Others took a more macro view. Strive CEO Jack Mallers, among others, described bitcoin’s selloff as a warning of a macro fiat liquidity crunch. Bitcoin has a history of moving early and aggressively on liquidity shifts and is often viewed as one of the most sensitive assets to changes in money supply growth, Treasury operations, and overall financing conditions.
Average requests rose to 10.3% of shares from 9.7% in Q1, but ranged widely (1.3%–38.1% at Blue Owl’s OTIC). Many requests were follow-ups from investors who were only partly satisfied last quarter. New inflows fell by about 56% on average, so most funds saw net outflows of roughly 3% of the prior quarter’s net asset value.

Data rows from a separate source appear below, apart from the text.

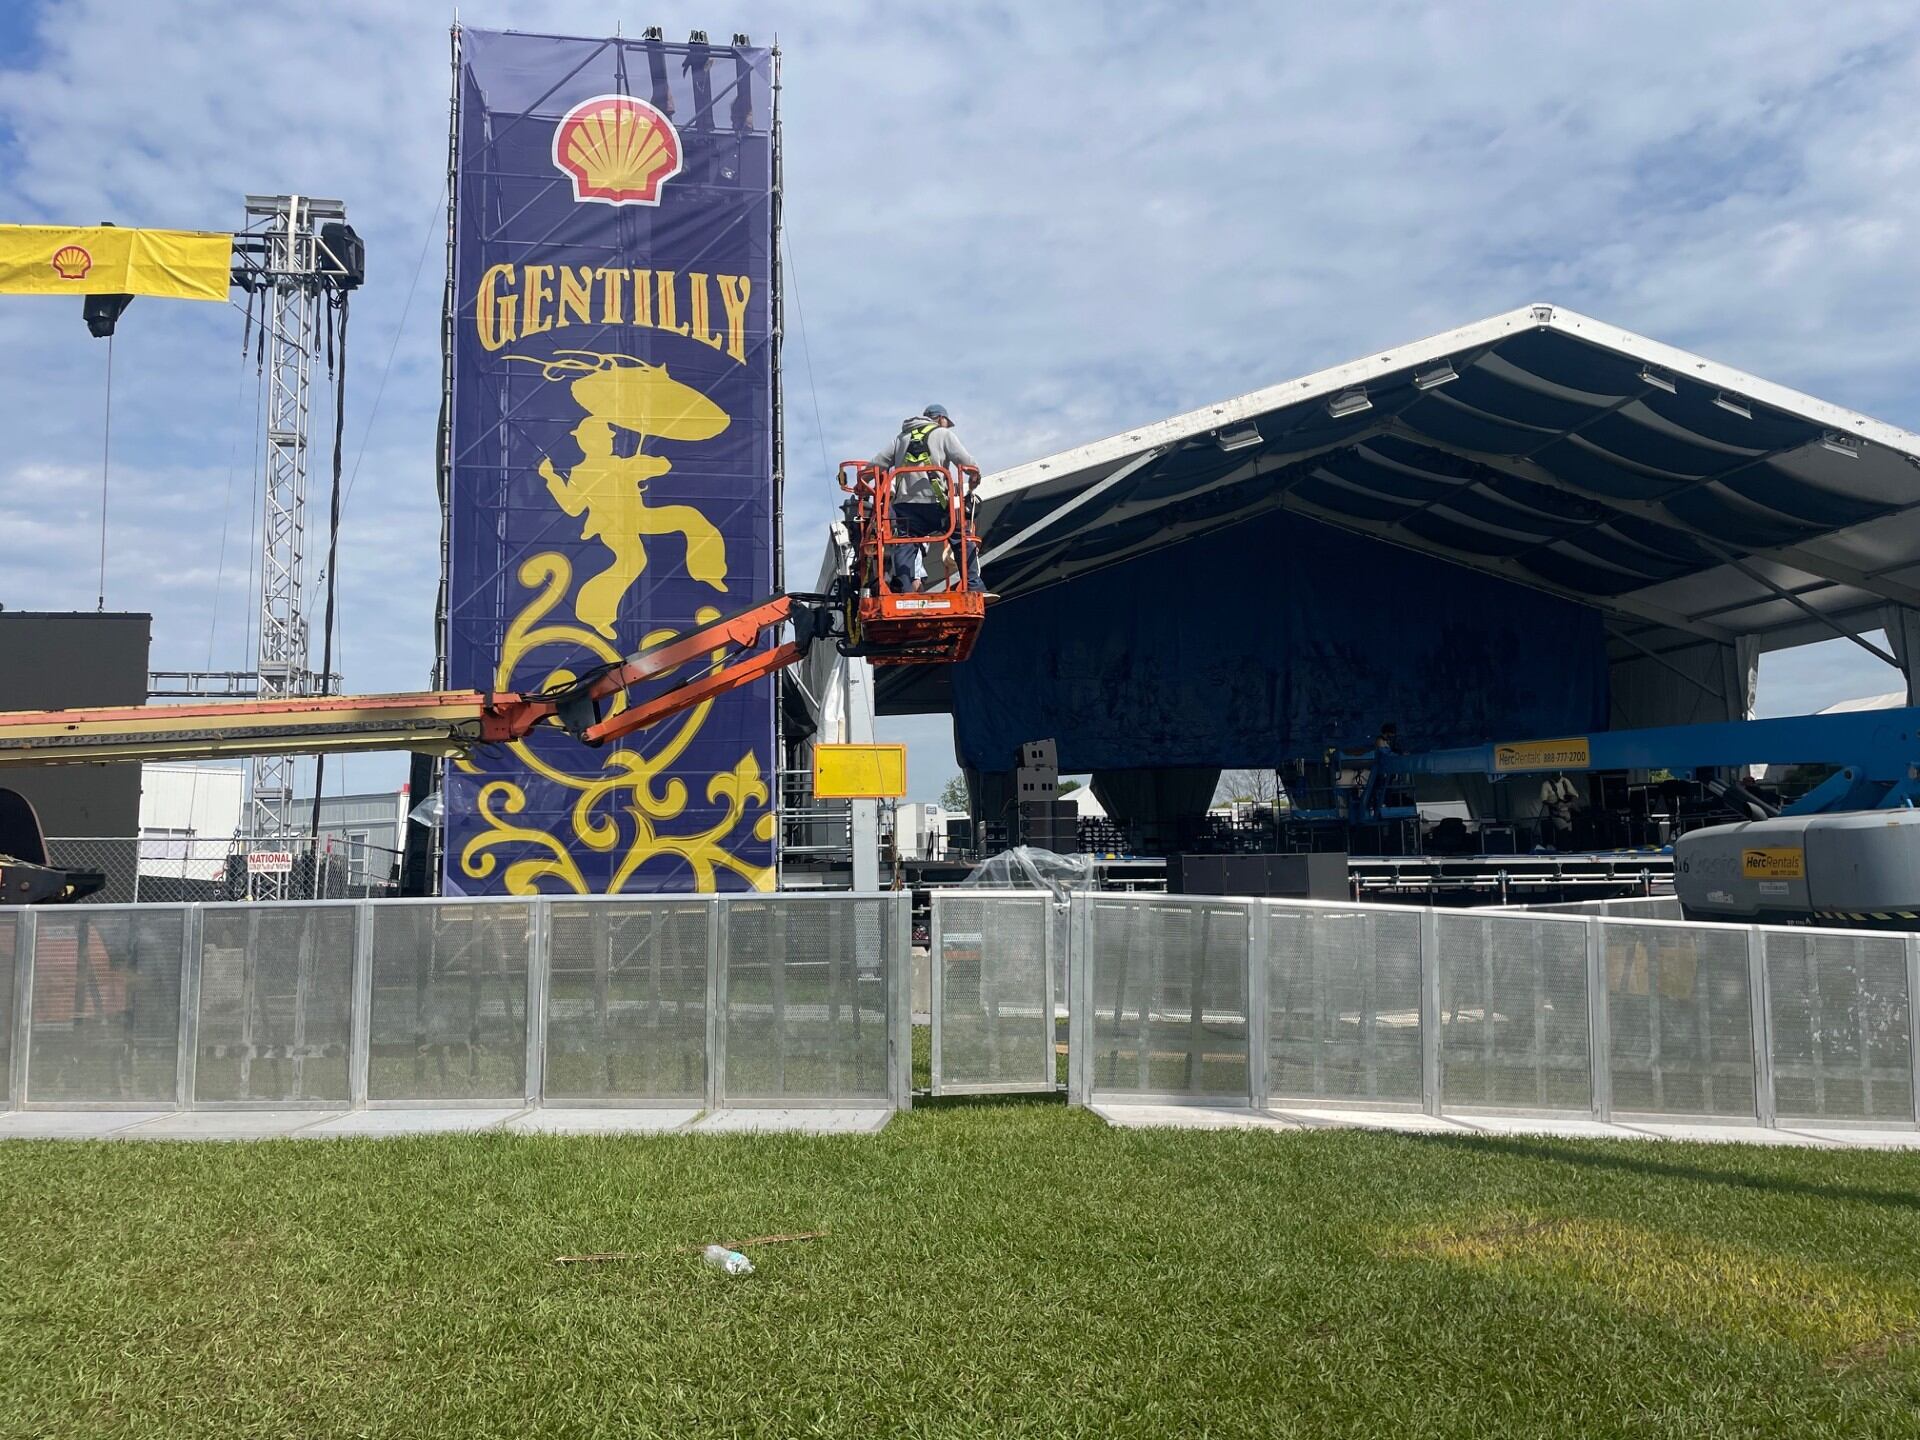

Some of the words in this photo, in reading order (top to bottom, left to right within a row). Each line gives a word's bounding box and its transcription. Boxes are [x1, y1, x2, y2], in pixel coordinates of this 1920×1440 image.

[476, 263, 751, 366] GENTILLY
[249, 853, 291, 863] NATIONAL
[1746, 855, 1800, 868] HercRentals
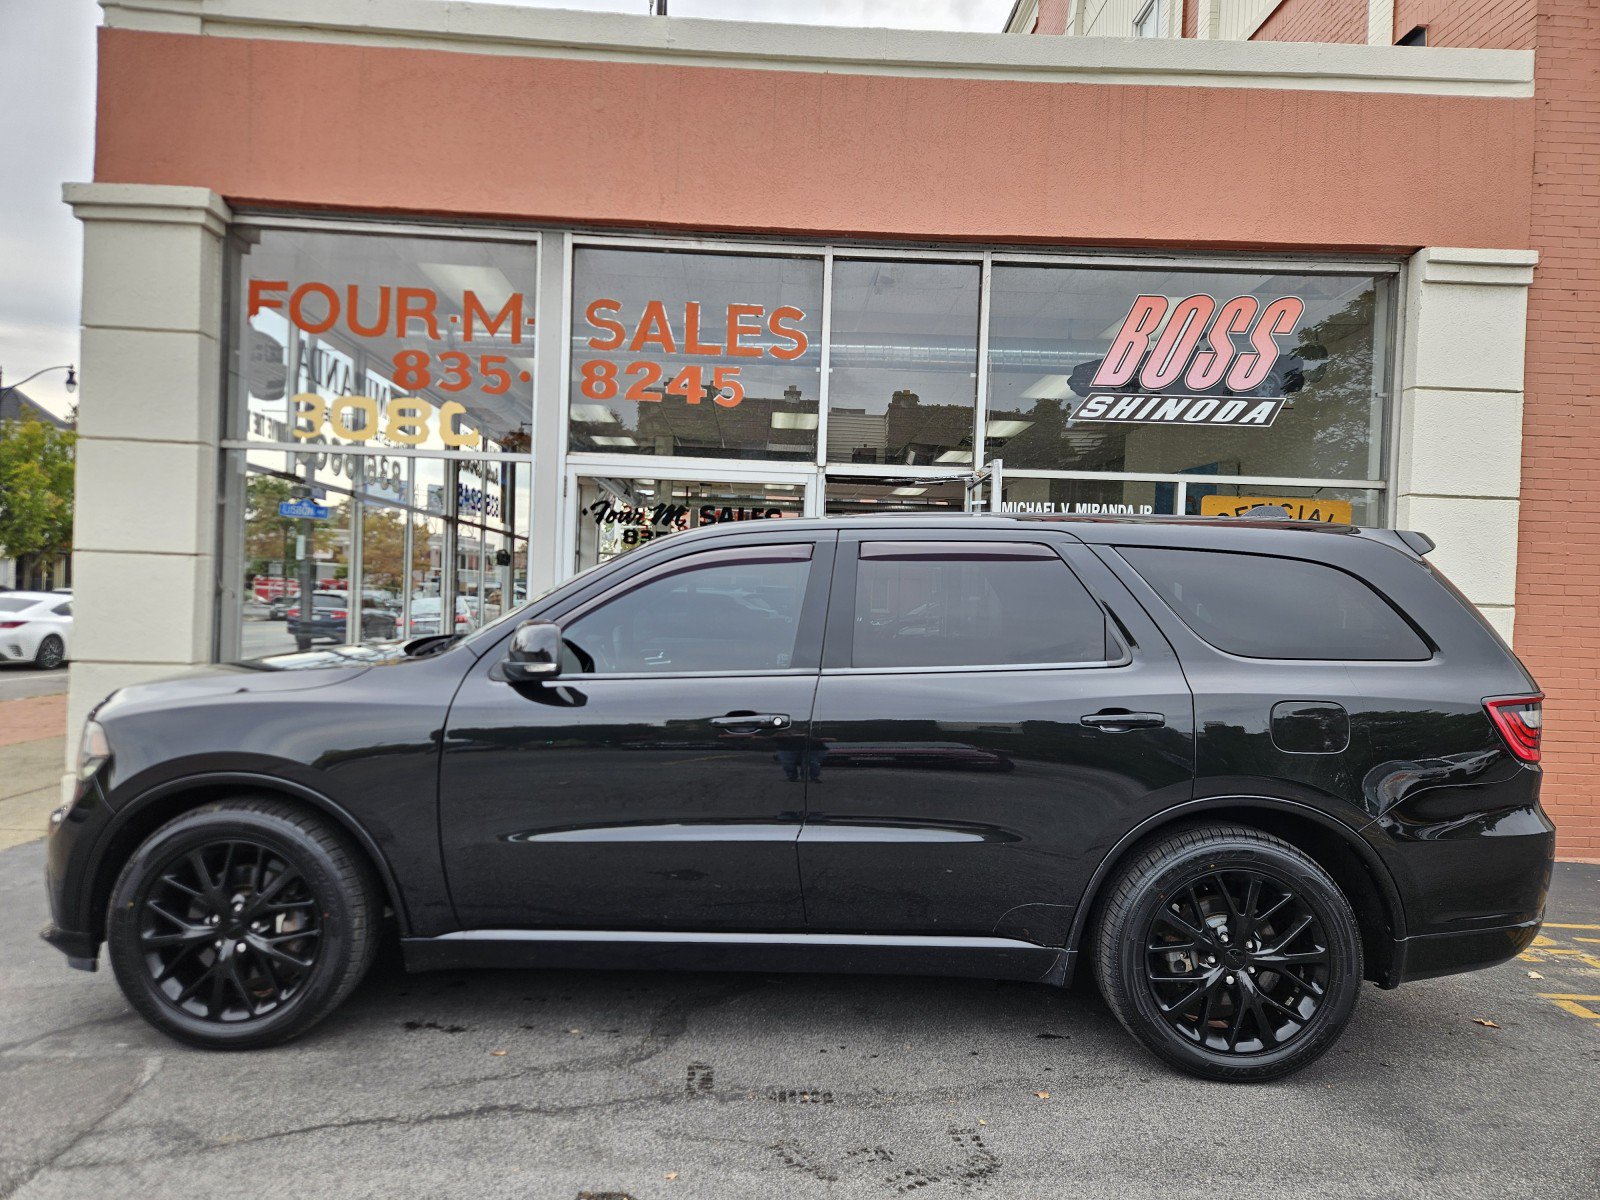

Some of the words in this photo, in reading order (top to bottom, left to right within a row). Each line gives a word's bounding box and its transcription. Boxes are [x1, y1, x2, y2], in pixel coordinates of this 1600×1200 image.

[247, 279, 442, 341] FOUR
[585, 298, 809, 361] SALES
[1090, 293, 1305, 392] BOSS
[580, 359, 746, 409] 8245
[1078, 396, 1278, 424] SHINODA
[623, 529, 669, 544] 83

Fitch, therefore, expects continued redemptions in months ahead.
“With BDCs capping redemptions at 5% quarterly, unfulfilled requests will lead to persistent elevated redemptions for many firms in the coming quarters,” ratings agency Fitch warned,” the ratings agency said.
Same story but different structures
Bitcoin ETFs are liquid, exchange-traded vehicles, where outflows directly impact the spot price of BTC. Private credit BDCs are the opposite: illiquid, long-duration lending vehicles with built-in quarterly gates.
Still, the fact that investors rushed for exit in both at the same time does point to broader caution around liquidity and risk appetite. Amid all this, energy markets continue to send risk-off signals, with the U.S. strategic petroleum reserve falling to lowest since 1983. So, if energy market remains disrupted, the government now has significantly less buffer to flood the market with oil and keep prices lower.